- _Work task_: Write every record out again exactly, and keep images out of it.

(Saved entries)
───

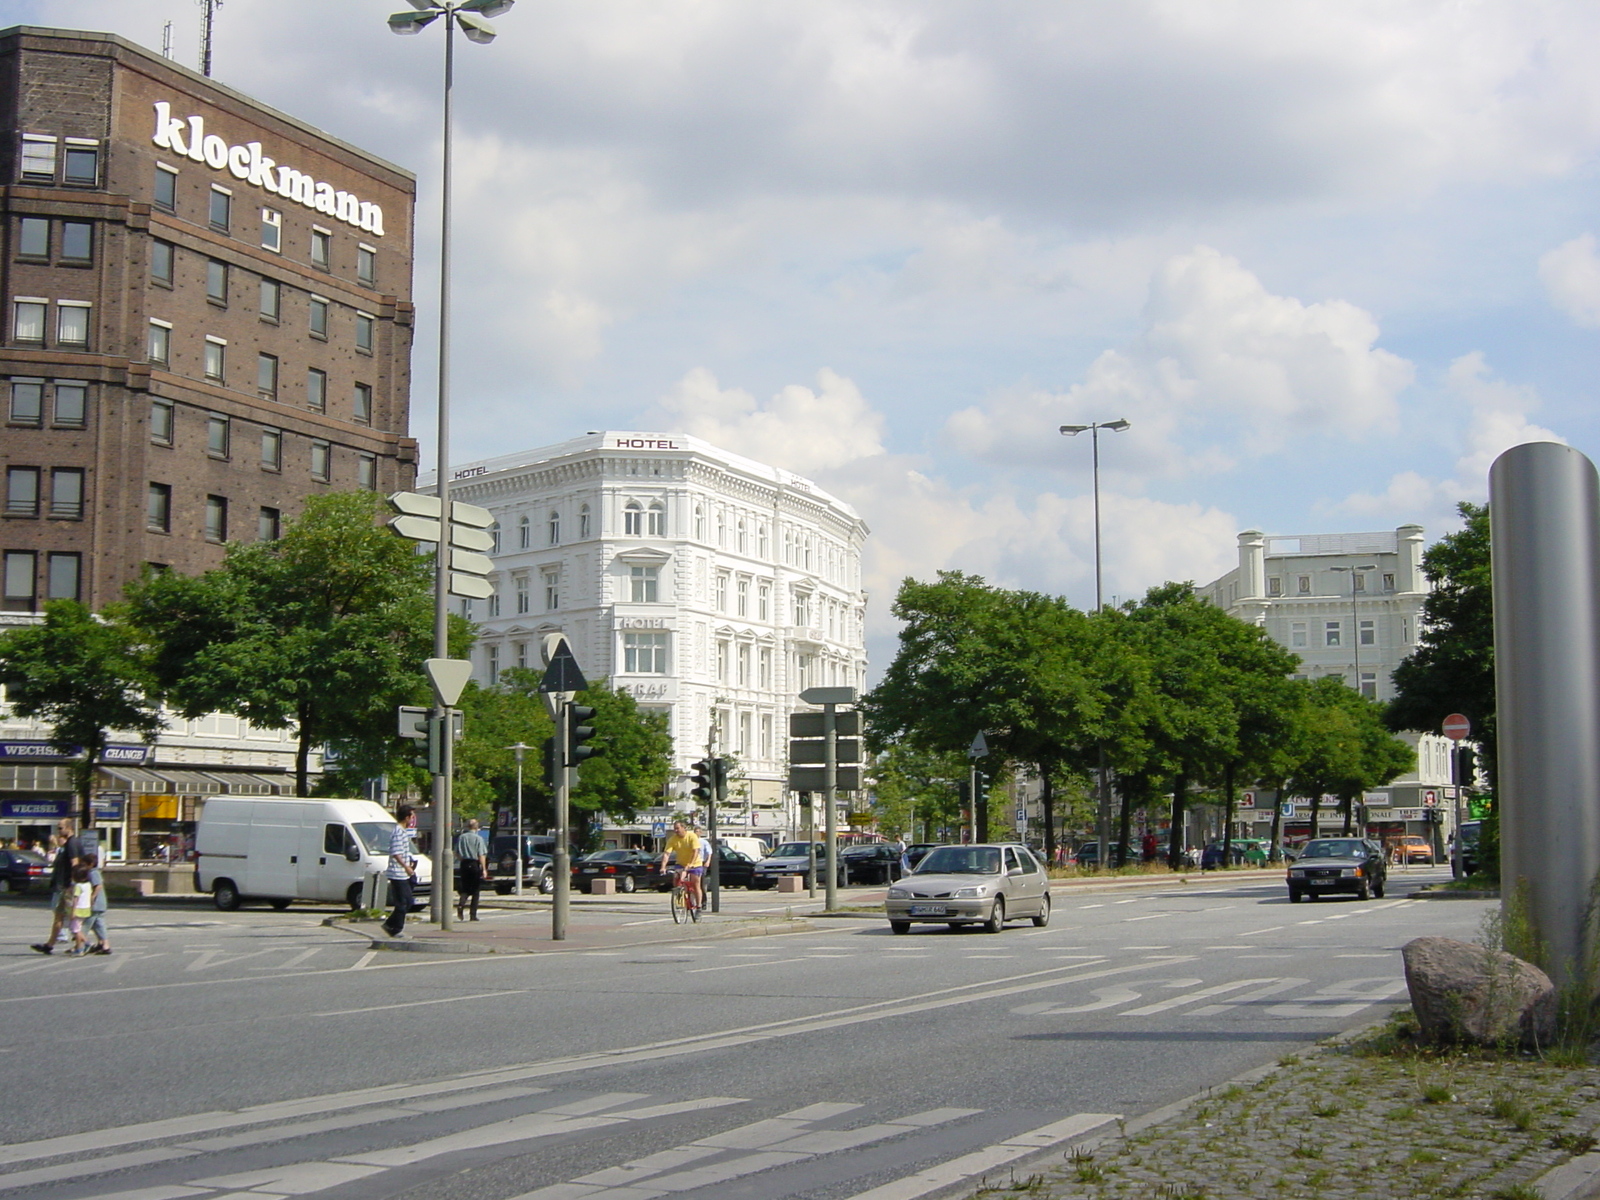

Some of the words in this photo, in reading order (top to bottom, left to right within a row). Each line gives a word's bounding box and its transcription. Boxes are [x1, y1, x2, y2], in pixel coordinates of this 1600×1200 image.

[153, 101, 385, 237] klockmann
[616, 438, 679, 449] HOTEL
[454, 465, 489, 479] HOTEL
[105, 748, 144, 759] CHANGE
[11, 804, 59, 813] WECHSEL
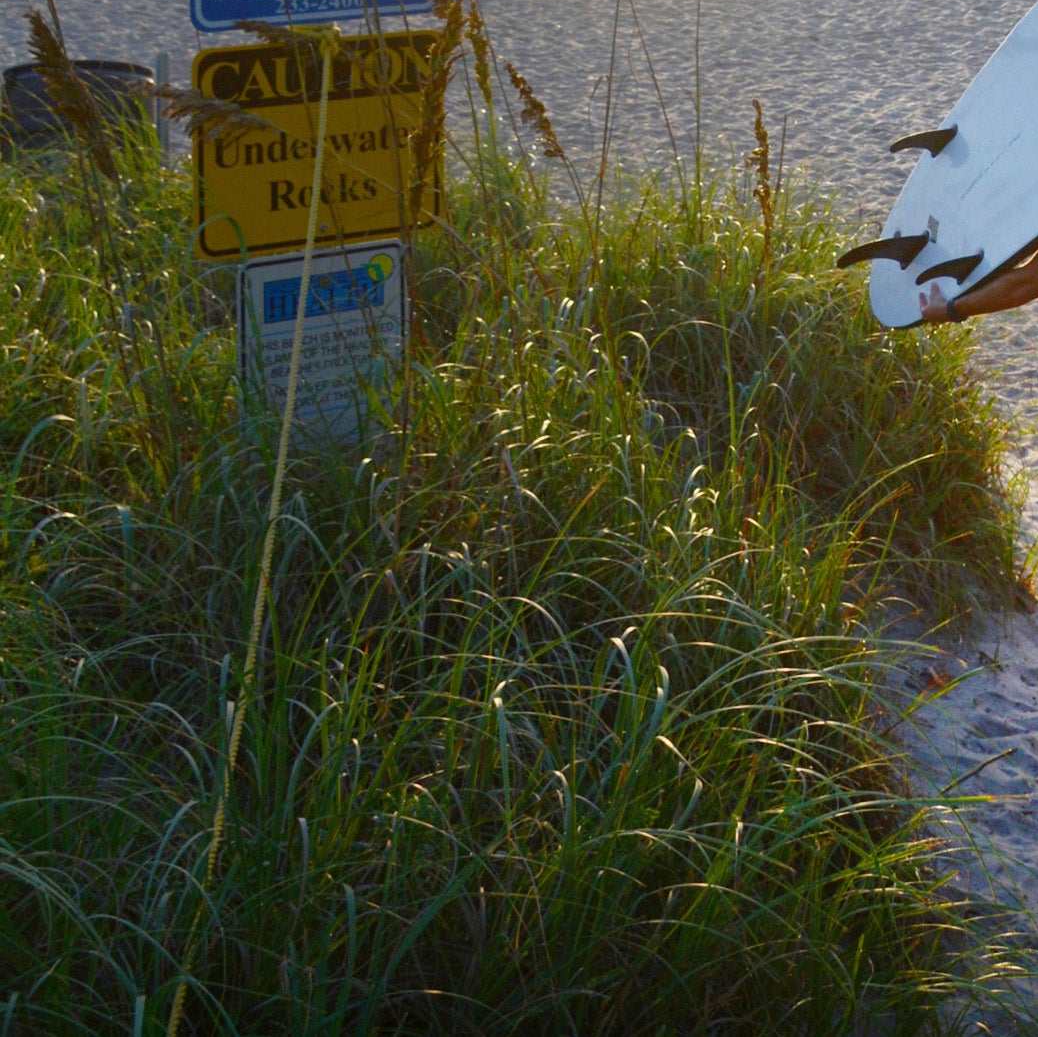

───

- _Exercise solution_:
Some of the words in this photo, in reading order (top to bottom, left to right within a row). Each line gives a word's bounding box and its transcription. Boxes are [x1, y1, x2, y2], in pixel coordinates of this 1600×1200 image.

[153, 101, 385, 237] klockmann
[616, 438, 679, 449] HOTEL
[454, 465, 489, 479] HOTEL
[105, 748, 144, 759] CHANGE
[11, 804, 59, 813] WECHSEL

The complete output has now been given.